When you do receive your message, please take it into your supporting clothing stores right away so that they can get you sized (yes, AF DEU fits differently than LF DEU) and get your new uniform ordered - we don't stock DEUs on-base anymore, but we will order your initial issue of your new uniform from Logistik on your behalf so that it doesn't cost you any points.

As well, the date on your message is the effective date of your transfer, but they like you to actually show up wearing the new uniform that day.

Thanks.

Vern


----------



## Journeyman (20 Nov 2009)

ArmyVern said:
			
		

> (...AF DEU fits differently than LF DEU)


Yes, the chest and shoulders are smaller  :stirpot:


----------



## Nfld Sapper (20 Nov 2009)

And different weights too IIRC......


----------



## armyvern (20 Nov 2009)

Journeyman said:
			
		

> Yes, the chest and shoulders are smaller  :stirpot:



Gawd, your blue DEU must have fit you perfectly then he who haveth a build like a brook trout.  >


----------



## Bubbs25 (20 Nov 2009)

Thank you all for your responses.
Too answer a question, I am getting an OT under Compulsary.  I qualified for every tech trade in the forces.
I looked at most and AVN interested me the most. I have travelled enough on airplanes and helo and would like to learn all about what makes them work.  
Does anyone know how many they are accepting for AVN?


----------



## navymich (21 Nov 2009)

C17 Tech said:
			
		

> ...you will change your uniform on 1 April 2010...

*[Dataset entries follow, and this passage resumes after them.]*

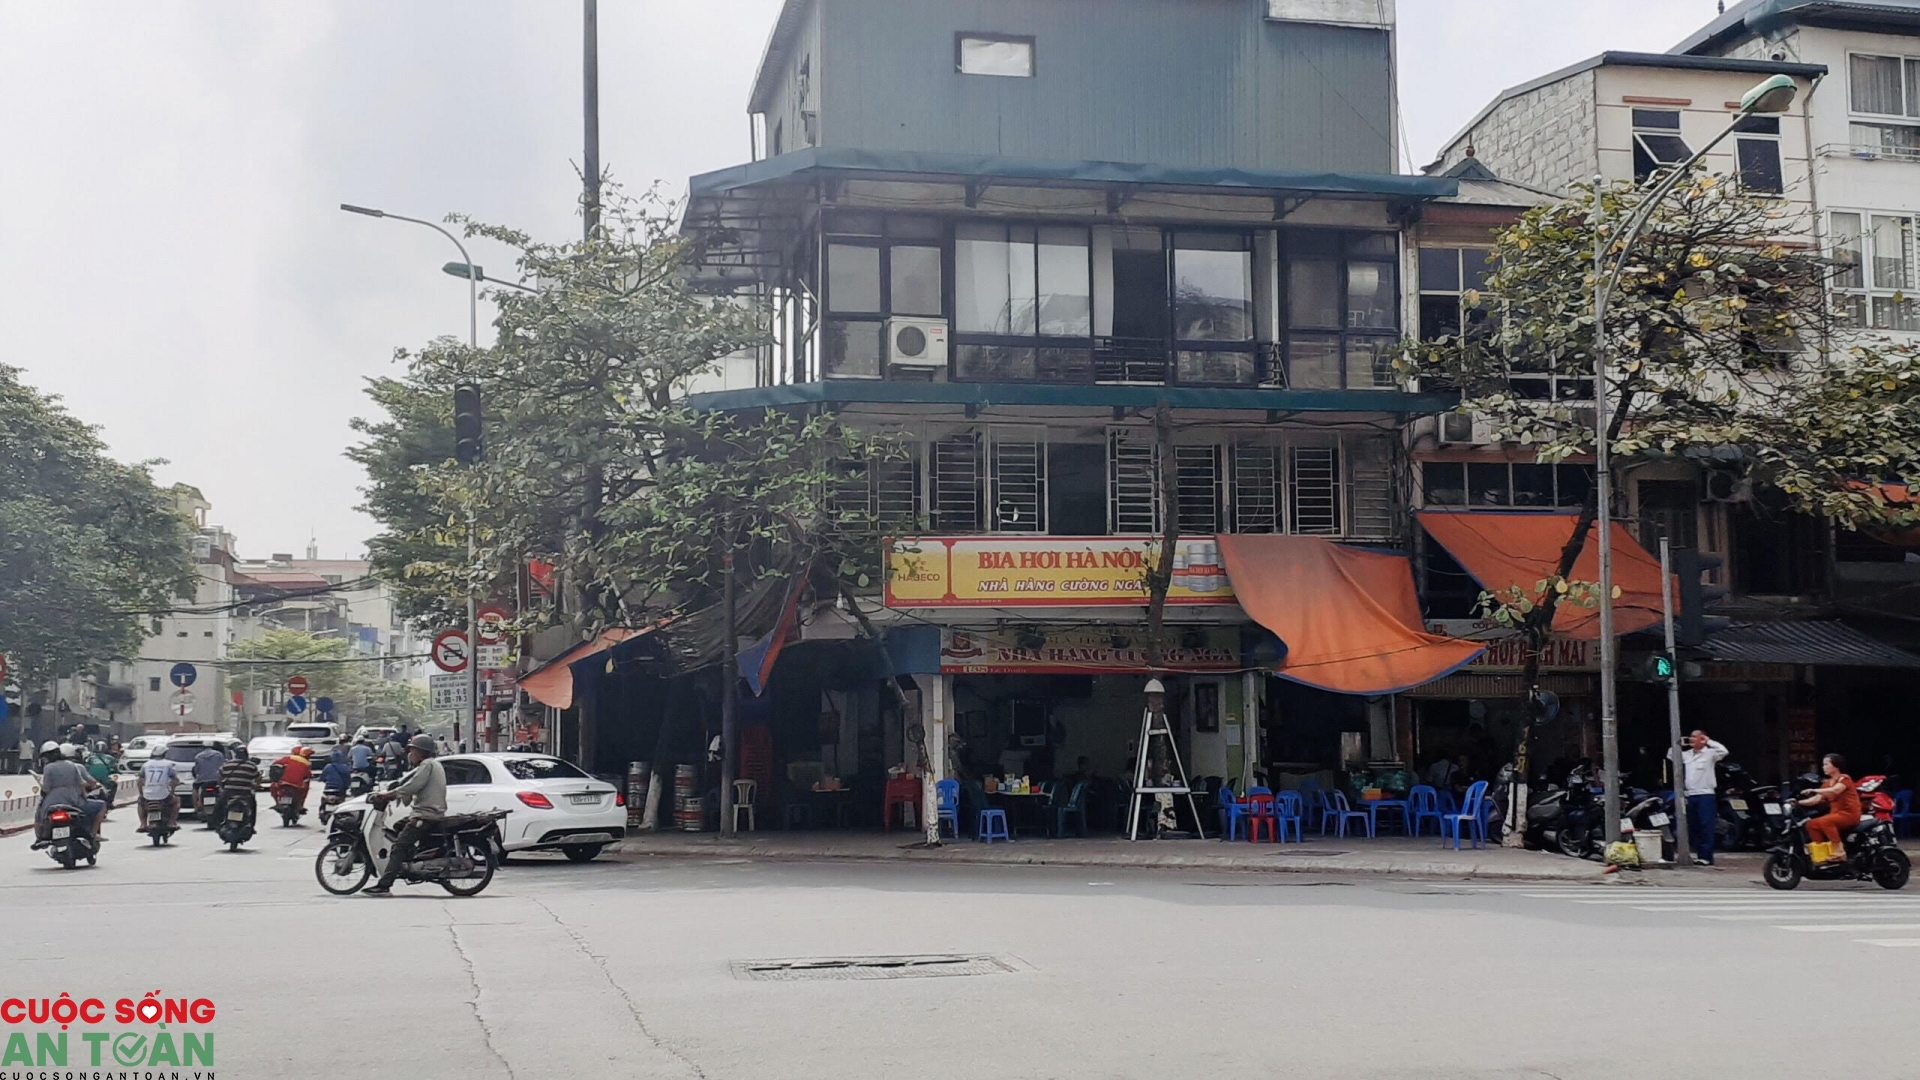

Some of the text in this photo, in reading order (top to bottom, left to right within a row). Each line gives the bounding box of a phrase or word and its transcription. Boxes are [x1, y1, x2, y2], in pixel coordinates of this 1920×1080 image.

[978, 546, 1144, 572] BIA HƠI HÀ NỘI
[898, 573, 940, 582] HABECO
[978, 576, 1143, 592] NHÀ HÀNG CƯỜNG NGA
[1558, 640, 1586, 666] MAI
[148, 769, 164, 783] 77

Just curious as to where this information is coming from.  Is that a trade thing, because it's the first I have heard of a specific date for transfers.  I know when I did my transfer, and as indicated in another reply on this thread, that you change your uniform for your effective transfer date as indicated on your message.


----------



## Occam (21 Nov 2009)

airmich said:
			
		

> Just curious as to where this information is coming from.  Is that a trade thing, because it's the first I have heard of a specific date for transfers.  I know when I did my transfer, and as indicated in another reply on this thread, that you change your uniform for your effective transfer date as indicated on your message.

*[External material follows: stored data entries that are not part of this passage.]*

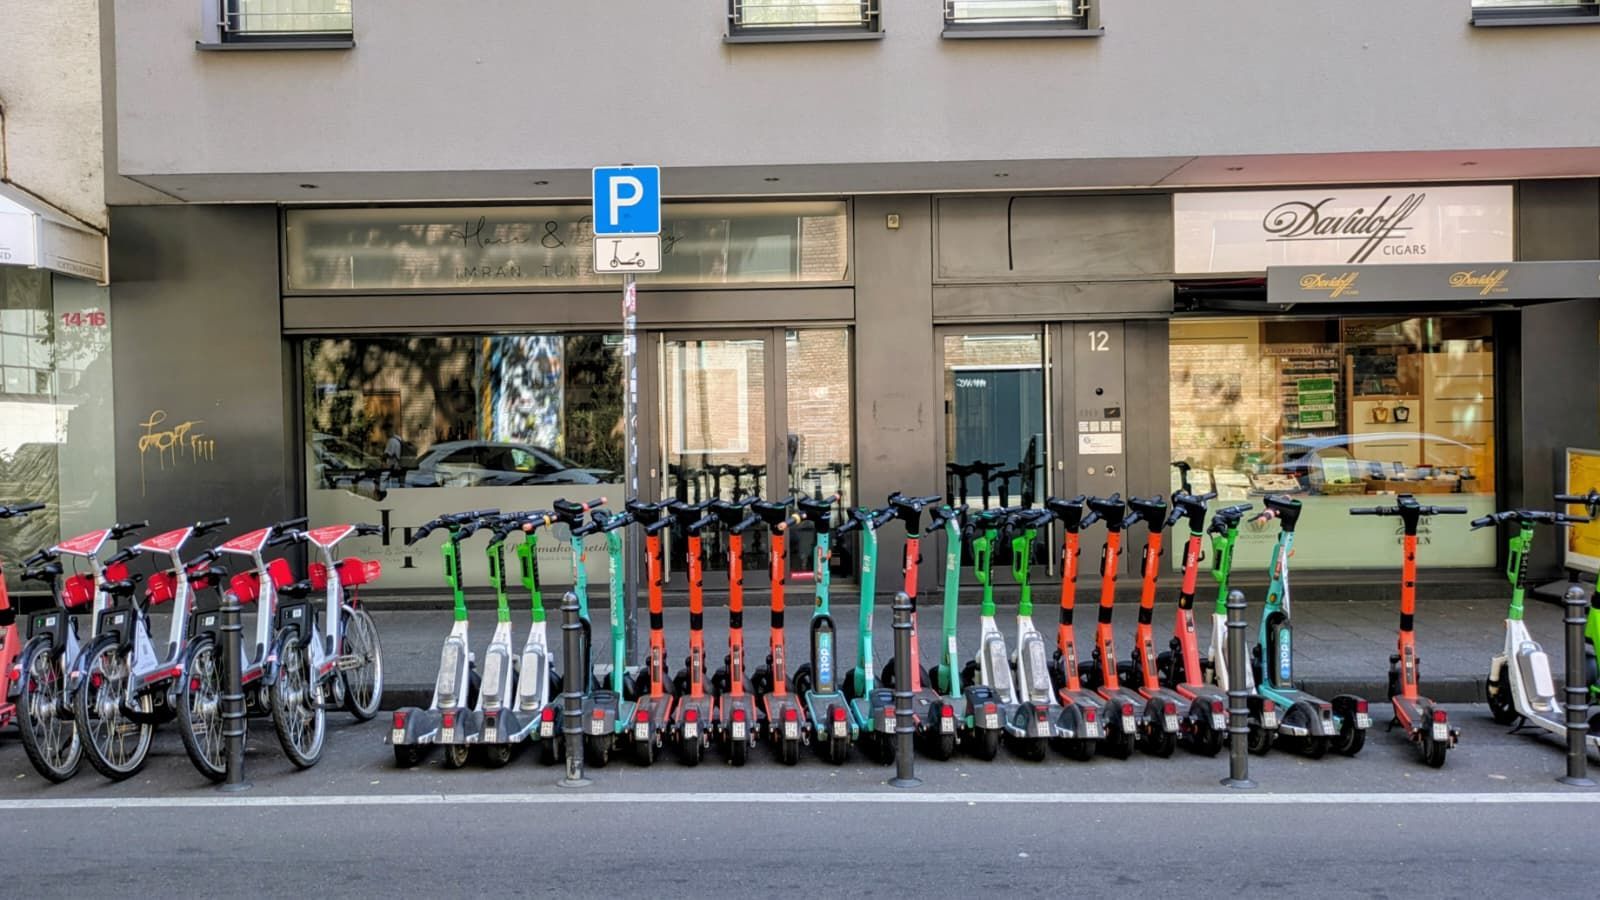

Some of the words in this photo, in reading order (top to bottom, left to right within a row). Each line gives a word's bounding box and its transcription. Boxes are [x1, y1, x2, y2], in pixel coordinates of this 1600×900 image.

[609, 176, 644, 225] P
[541, 220, 566, 248] &
[1263, 192, 1426, 264] Davidoff
[1383, 244, 1426, 256] CIGARS
[1300, 272, 1359, 298] Davidoff
[1449, 269, 1508, 295] Davidoff
[61, 312, 106, 326] 14-16
[1088, 331, 1110, 351] 12
[820, 648, 828, 674] dott
[1280, 645, 1289, 669] dott

For most transfers under AVOTP and LOTP, the transfer date is 1 April.  I won't go beyond saying "most", as I'm sure there are the occasional exceptions.  COTs are done as required throughout the year, to the best of my knowledge.

I think you had a different date because you were a CT and OT at the same time, and didn't come under either of the AVOTP or LOTP programs.


----------



## navymich (21 Nov 2009)

Thank you for the info Occam.  Always good to learn something new.


----------



## Occam (21 Nov 2009)

airmich said:
			
		

> Thank you for the info Occam.  Always good to learn something new.



You're welcome. 

I'm told the reasoning behind it is thus:  By December/January, CFRETS knows how many COTs they have to deal with for the remainder of the FY, as they get first shot at "open" trades.  Any positions left over become an available position for suitable AVOTP and LOTP applicants to be put into.  Dec/Jan timeframe allows losing Career Managers to factor in vacated positions for their posting plots.  OT instructions get cut in Jan/Feb for 1 Apr, which leaves positions vacant for only a few months before the APS rolls around.

Or at least that's how it's supposed to work...   ;D


----------



## Bubbs25 (21 Nov 2009)

Does anyone know how many open positions there are for the up coming fiscal year for AVN?
Ive seen a listing for the upcoming fiscal year 10/11 and shows 27 for intake. 
Can anyone find out for sure. If you have friends in recruiting or someone I could contact to find out.


----------



## George Wallace (21 Nov 2009)

Have you tried asking the PSO?


----------



## Bubbs25 (21 Nov 2009)

Yes, I tried the PSO but the only thing they coulld tell me was that its all up to the career manager to whether or not they are going to accept me  due to med limits. They have not told me anything about the numbers they are accepting in the trade.  They mentioned if there is an opening on the BTL for AVN. They seemed pretty positive telling me that but I dont want to get my hopes up.


----------